## Homework 1 - Machine Translation - MDS Computational Linguistics

### Assignment Topics
- Phrase Based Machine Translation
- Multilingual Word Embeddings
- MT datasets

### Software Requirements
- Python (>=3.6)
- PyTorch (>=1.7.0) 
- Jupyter (latest)

- GIZA++ Needs:
    - Perl
    - OSX/Linux (recommended) or a Cygwin Terminal
    
If you are installing GIZA++ on Cygwin, make sure you have Perl, make, and GCC/G++ installed when you install Cygwin (default installation does not include these)

### Submission Info.
- Due Date: February 27, 2021, 23:59:00 (Vancouver time)



## Tidy Submission

rubric={mechanics:1}

To get the marks for tidy submission:
- Submit the assignment by filling in this jupyter notebook with your answers embedded
- Be sure to follow the [general lab instructions](https://ubc-mds.github.io/resources_pages/general_lab_instructions)

## T1 Build Romanian-English/English-Romanian GIZA++ alignments 

We can use the GIZA++ tool to automatically align vocabularies in two different languages using parallel corpora. This is useful for example in creating bilingual dictionaries or other term-based translation tasks. Because of the age of the tool (2001) and the complications with getting it working on modern computers, we suggest pair programming with your group to install and run it. *You will not need to generate alignments for the individual portions of this lab, they will be provided in the student data directory*

In this group assignment you'll be working with GIZA++ to generate alignments based on the EuroParl corpus between English and Romanian. 

First, Download the En/Ro parallel corpus here: http://www.statmt.org/europarl/ and follow the procedure in the tutorial to create the aligned output from GIZA++.  Decrease the size of the file to 200,000 sentences to speed up the training time using the following unix command (where filename and newfilename are your original and truncated corpus respectively):



### T1.1 Check your output
rubric={accuracy:5}

Were you able to get it to align appropriately?

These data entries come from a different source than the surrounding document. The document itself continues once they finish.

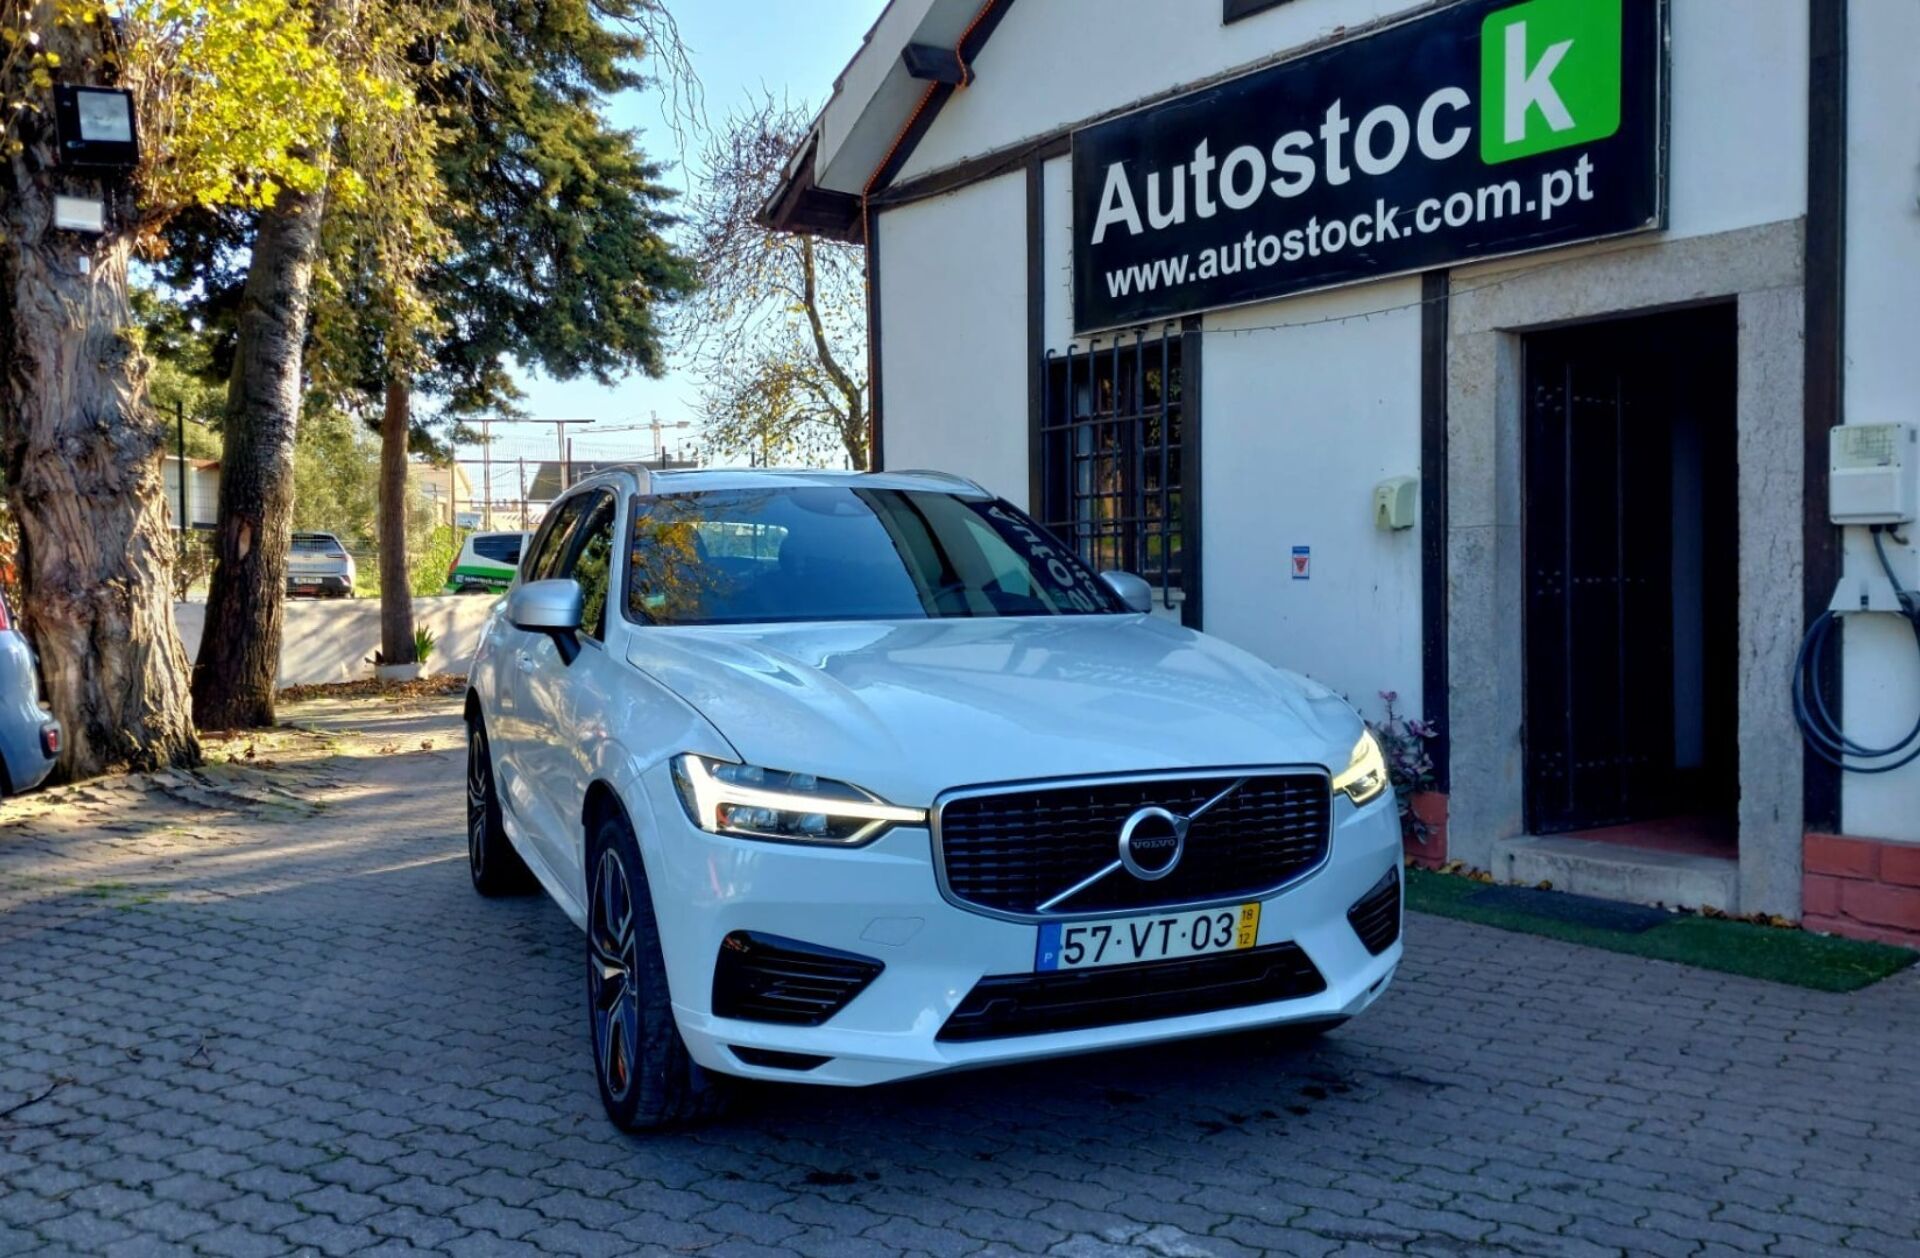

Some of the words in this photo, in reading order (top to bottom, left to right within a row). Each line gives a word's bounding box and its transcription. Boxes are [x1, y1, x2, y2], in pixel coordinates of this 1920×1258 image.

[1091, 20, 1577, 245] Autostock
[1105, 153, 1595, 298] www.autostock.com.pt
[1131, 839, 1175, 849] VOLVO
[1242, 908, 1254, 921] 18
[1239, 933, 1250, 945] 12
[1044, 952, 1053, 963] P

Copy the first three alignments out of your *.VA3.final files

## Exercise 1: GIZA++ Warm Up

For the following "warm up" questions, check that you are understanding GIZA++'s outputs.

### 1.1 Interpretting GIZA++ results
rubric={reasoning:2}


For these three sentences, which one does GIZA++ handle "best"? Explain how you should measure "best" with GIZA++

###### A. Sentence pair (28) source length 7 target length 8 alignment score : 1.13908e-07
- It is the case of Alexander Nikitin . =
- NULL ({ }) Es ({ 1 2 }) el ({ 3 }) caso ({ 4 }) de ({ 5 }) Alexander ({ 6 }) Nikitin ({ 7 }) . ({ 8 }) 

###### B. Sentence pair (122) source length 6 target length 7 alignment score : 7.36437e-21
- You did not call me either . =
- NULL ({ }) Tampoco ({ 3 }) me ({ 5 }) ha ({ 2 }) nombrado ({ 4 6 }) usted ({ 1 }) . ({ 7 }) 

###### C. Sentence pair (115) source length 4 target length 7 alignment score : 8.73259e-12
- There is no room for amendments . =
- NULL ({ 2 5 }) No ({ 1 }) caben ({ 3 4 }) modificaciones ({ 6 }) . ({ 7 }) 


**Put Your Answer Here**

### 1.2 GIZA++ vocab 
rubric={reasoning:1}

What do the two numbers represent in this sample GIZA++ vocab entry? (see europarl-es-en/giza_output/en-es.trn.trg.vcb from the tutorial)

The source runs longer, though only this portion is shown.